**BRIEF:**
Output all entries verbatim. Skip pictures.

**DATA LISTING:**
========
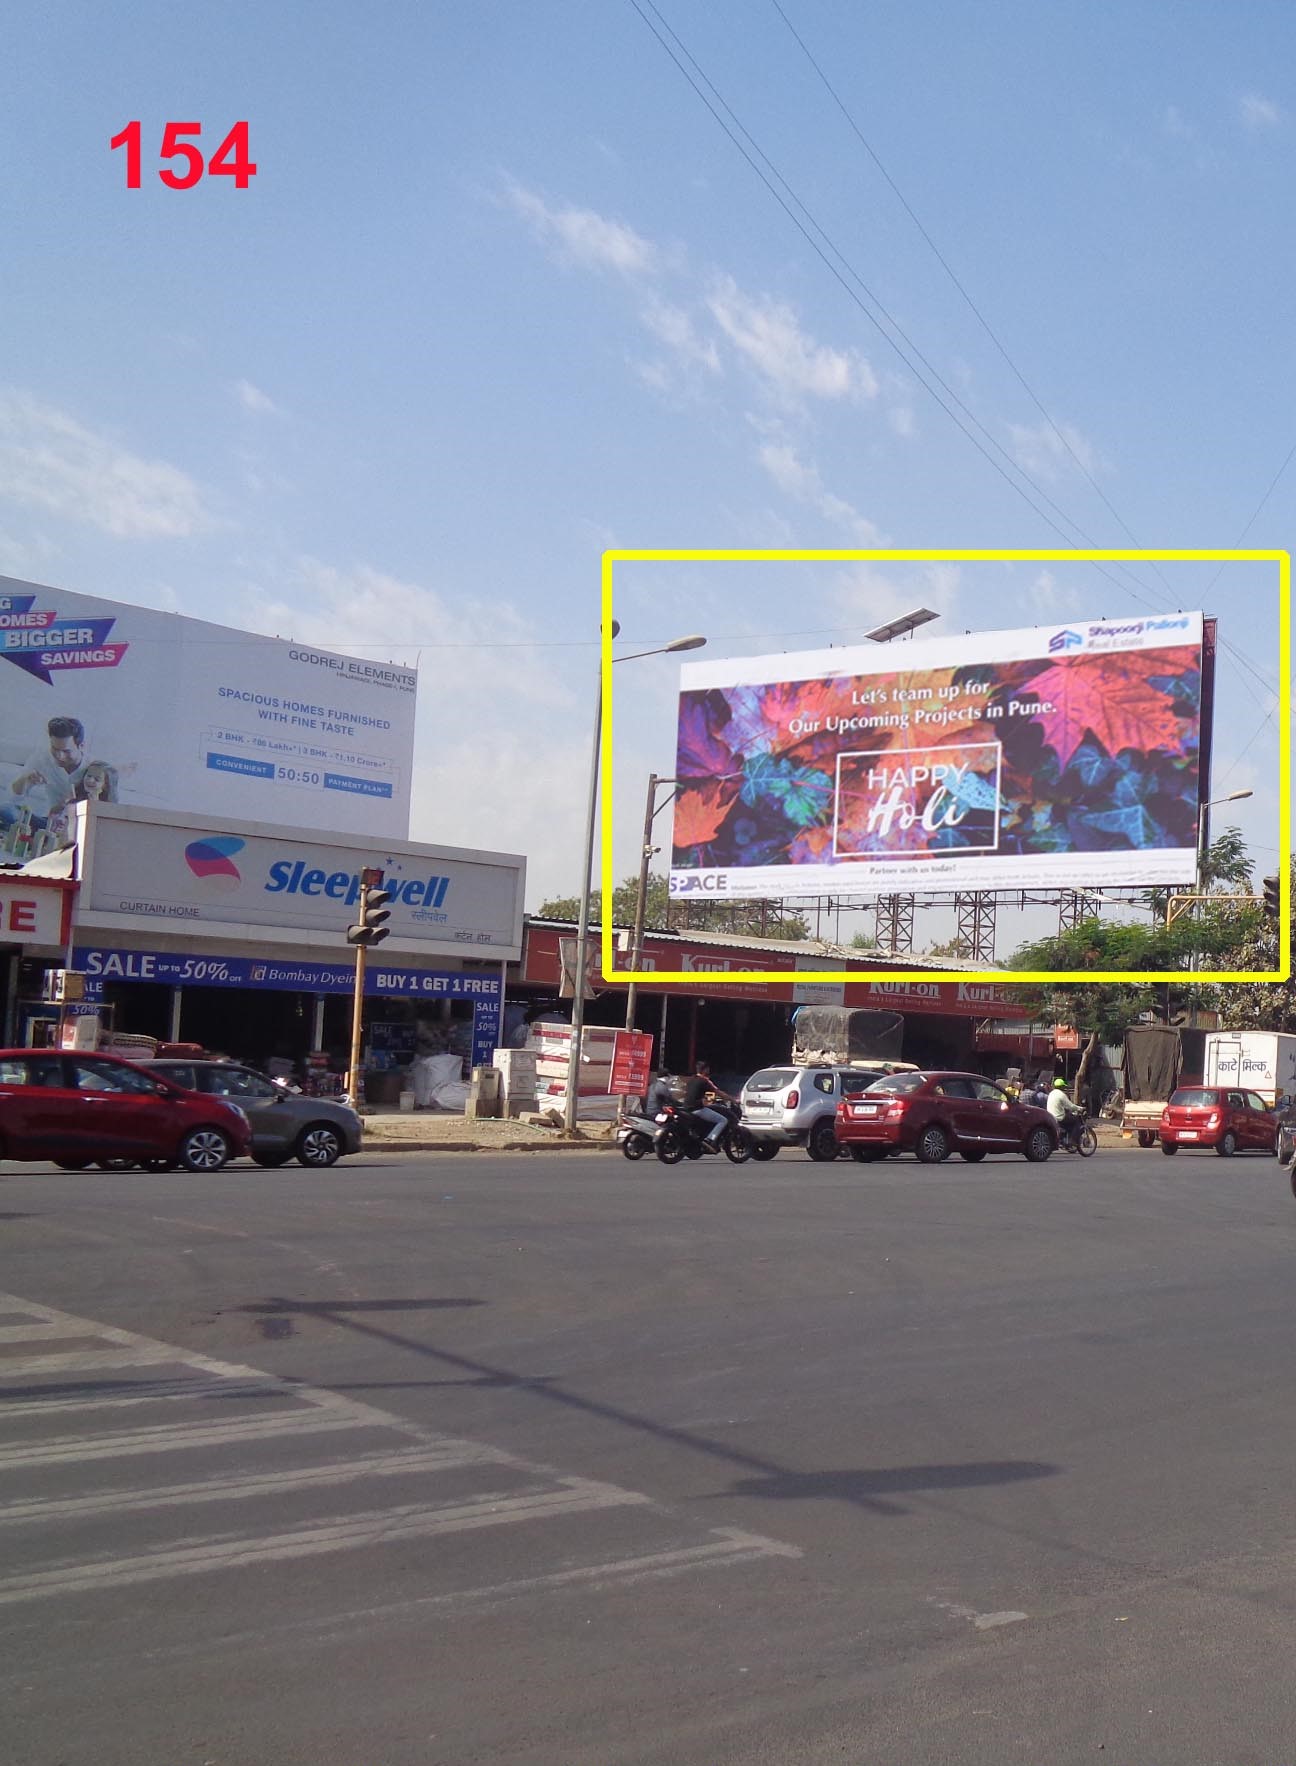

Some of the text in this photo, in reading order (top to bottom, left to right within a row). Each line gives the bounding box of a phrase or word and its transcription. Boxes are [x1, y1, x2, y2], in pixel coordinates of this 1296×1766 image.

[5, 628, 94, 648] BIGGER
[41, 649, 116, 665] SAVINGS
[289, 650, 416, 686] GODREJ ELEMENTS
[892, 686, 932, 702] team
[938, 685, 960, 702] up
[965, 679, 990, 695] for
[218, 687, 391, 730] SPACIOUS HOMES FURNISHED
[789, 700, 1057, 735] Our Upcoming Projects in Pune.
[258, 709, 355, 736] WITH FINE TASTE
[217, 731, 223, 739] 2
[225, 733, 244, 743] BHK
[310, 748, 327, 759] BHK
[216, 759, 267, 774] CONVENIENT
[278, 767, 319, 784] 50:50
[328, 779, 362, 790] PAYMENT
[867, 762, 970, 790] HAPPY
[867, 785, 968, 838] Holi
[900, 866, 918, 874] with
[120, 901, 199, 917] CURTAIN HOME
[86, 953, 156, 978] SALE
[179, 960, 229, 981] 50%
[269, 969, 319, 984] Bombay
[321, 972, 365, 985] Dyein
[377, 974, 405, 989] BUY
[409, 975, 418, 989] 1
[423, 977, 449, 991] GET
[452, 978, 461, 992] 1
[463, 979, 499, 994] FREE
[476, 1002, 499, 1012] SALE
[476, 1022, 496, 1031] 50%
[1218, 1058, 1267, 1072] काटे मिल्क
========
**OUTPUT OF THE EXERCISE:**
Some of the text in this photo, in reading order (top to bottom, left to right within a row). Each line gives the bounding box of a phrase or word and its transcription. Boxes are [x1, y1, x2, y2], in pixel coordinates of this 1296×1766 image.

[5, 628, 94, 648] BIGGER
[41, 649, 116, 665] SAVINGS
[289, 650, 416, 686] GODREJ ELEMENTS
[892, 686, 932, 702] team
[938, 685, 960, 702] up
[965, 679, 990, 695] for
[218, 687, 391, 730] SPACIOUS HOMES FURNISHED
[789, 700, 1057, 735] Our Upcoming Projects in Pune.
[258, 709, 355, 736] WITH FINE TASTE
[217, 731, 223, 739] 2
[225, 733, 244, 743] BHK
[310, 748, 327, 759] BHK
[216, 759, 267, 774] CONVENIENT
[278, 767, 319, 784] 50:50
[328, 779, 362, 790] PAYMENT
[867, 762, 970, 790] HAPPY
[867, 785, 968, 838] Holi
[900, 866, 918, 874] with
[120, 901, 199, 917] CURTAIN HOME
[86, 953, 156, 978] SALE
[179, 960, 229, 981] 50%
[269, 969, 319, 984] Bombay
[321, 972, 365, 985] Dyein
[377, 974, 405, 989] BUY
[409, 975, 418, 989] 1
[423, 977, 449, 991] GET
[452, 978, 461, 992] 1
[463, 979, 499, 994] FREE
[476, 1002, 499, 1012] SALE
[476, 1022, 496, 1031] 50%
[1218, 1058, 1267, 1072] काटे मिल्क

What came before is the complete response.